Pero llegó, y con lluvia. El agua alteró mis planes. Pensaba ponerme un sombrero de plumas blancas, pero no podía dejar que se mojase bajo ningún concepto. Era un tocado precioso que me ceñía la cabeza a la perfección, y las plumas llegaban hasta las orejas dibujando una curva suave que confería a mi rostro un aire tierno y plumoso.

Cuando me disponía a irme de la tienda, a las cuatro, el señor Burns me dio el salario de la semana y una libra de más para el viaje al pueblo. Les había puesto como excusa que una tía mía se estaba muriendo.

—Por Dios bendito, con esta lluvia no puedes salir —me dijo.

—Como no salga ya, perderé el tren.

Y él fue a la antesala y me dio un paraguas viejo. Una bendición. ¡Podría llevar mi sombrero! Poco me faltó para darle un beso, y creo que él lo esperaba, porque se atusó los pelillos castaños del bigote.

—Adiós, señorita —me dijo Willie mientras me sujetaba la puerta.

Afuera diluviaba. La lluvia me azotaba las piernas y se me empaparon las medias. Joanna tenía preparado el té, y me prestó un manual de conversación en inglés y alemán.

—Cuidado no pierdas —me advirtió. Me lo guardé en el bolso—. No te cobro mientras estás en Viena —añadió, sonriente.

Todo estaba saliendo a pedir de boca. El nuevo inquilino llegaría esa misma noche, y Joanna estaba muy contenta.

—¡Mein Gott, qué guapa estás! —exclamó al verme bajar con el abrigo negro y el sombrerito de plumas blancas.

Me había maquillado con polvos compactos y en los párpados me puse máscara verde. Los largos mechones de pelo cobrizo me caían sobre los hombros, y aunque era alta y tenía el busto bien desarrollado, seguía teniendo el aspecto de una niña pequeña. Nadie habría sospechado que estaba a punto de marcharme con un hombre.

Había metido los guantes en la maleta para que no se me mojaran. Eran unos guantes blancos de piel de cabritilla que habían sido de mamá. En las muñecas se veían unas manchas de óxido alrededor de los botones, pero por lo demás eran preciosos.

Cuando salí aún llovía. Me costaba mucho trabajo avanzar con la maleta, el paraguas y el bolso. Un mensajero me salpicó las medias al pasar con la motocicleta, y le lancé un par de improperios. El autobús vino enseguida, y llegué al lugar de la cita con veinte minutos de antelación.

Habíamos quedado en la entrada de un salón recreativo que había junto al río. A él le convenía recogerme allí porque le pillaba de paso al salir del despacho; pero ninguno de los dos tuvo en cuenta la lluvia cuando acordamos el punto de encuentro.

Me instalé bajo la marquesina de la tienda de chucherías y dejé la maleta en el suelo.

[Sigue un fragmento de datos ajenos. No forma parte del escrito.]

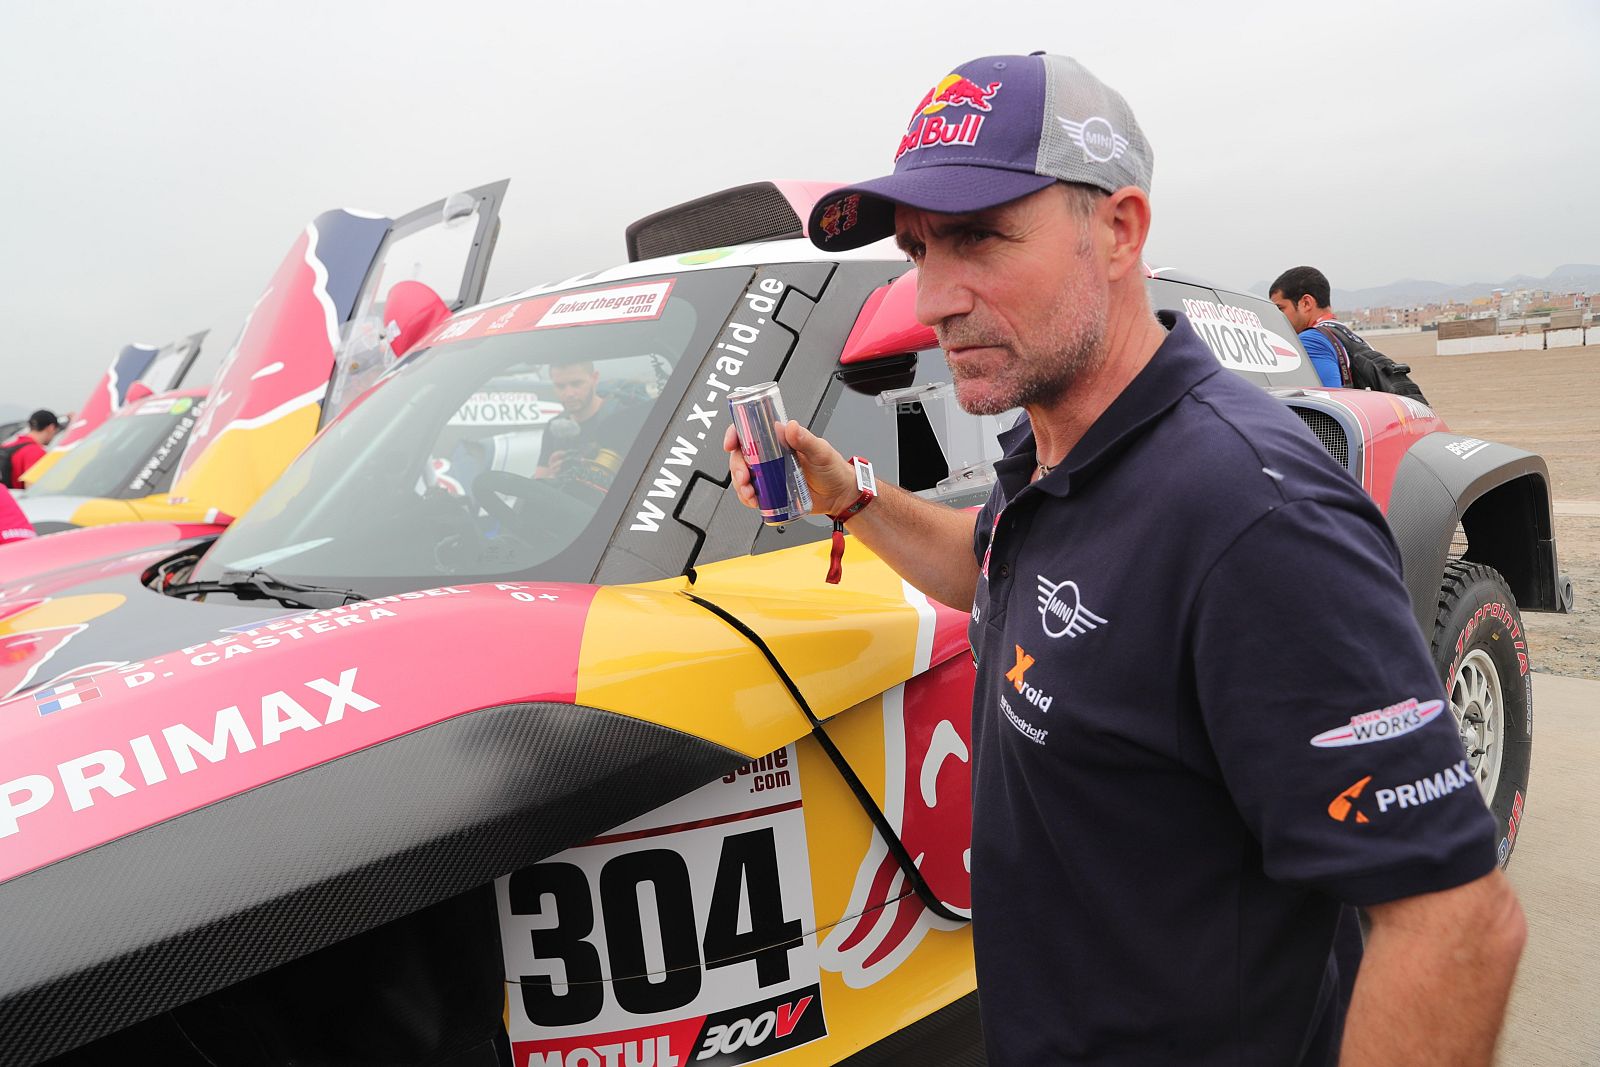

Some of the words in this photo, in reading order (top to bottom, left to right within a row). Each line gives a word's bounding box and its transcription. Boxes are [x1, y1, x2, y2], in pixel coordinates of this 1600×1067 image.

[921, 114, 984, 147] Bull
[1086, 131, 1113, 150] MINI
[552, 293, 658, 315] Dakarthegame
[622, 304, 652, 315] .com
[1184, 299, 1220, 321] JOHN
[1218, 304, 1262, 330] COOPER
[1193, 322, 1278, 367] WORKS
[458, 403, 541, 422] WORKS
[630, 278, 784, 533] www.x-raid.de
[1048, 596, 1074, 624] MINI
[190, 607, 398, 667] CASTERA
[1353, 708, 1421, 740] WORKS
[0, 667, 381, 838] PRIMAX
[750, 770, 791, 793] .com
[1375, 760, 1474, 812] PRIMAX
[508, 826, 804, 1028] 304
[696, 995, 813, 1061] 300V

Como tenía las manos mojadas, me las sequé en el forro del abrigo. En el fondo del establecimiento había unas máquinas tragaperras y una sala donde unos chicos jugaban al billar. Todos vestían de una forma parecida —jerséis coloridos y pantalones ajustados de cuadros escoceses—, y a todos les hacía falta un corte de pelo.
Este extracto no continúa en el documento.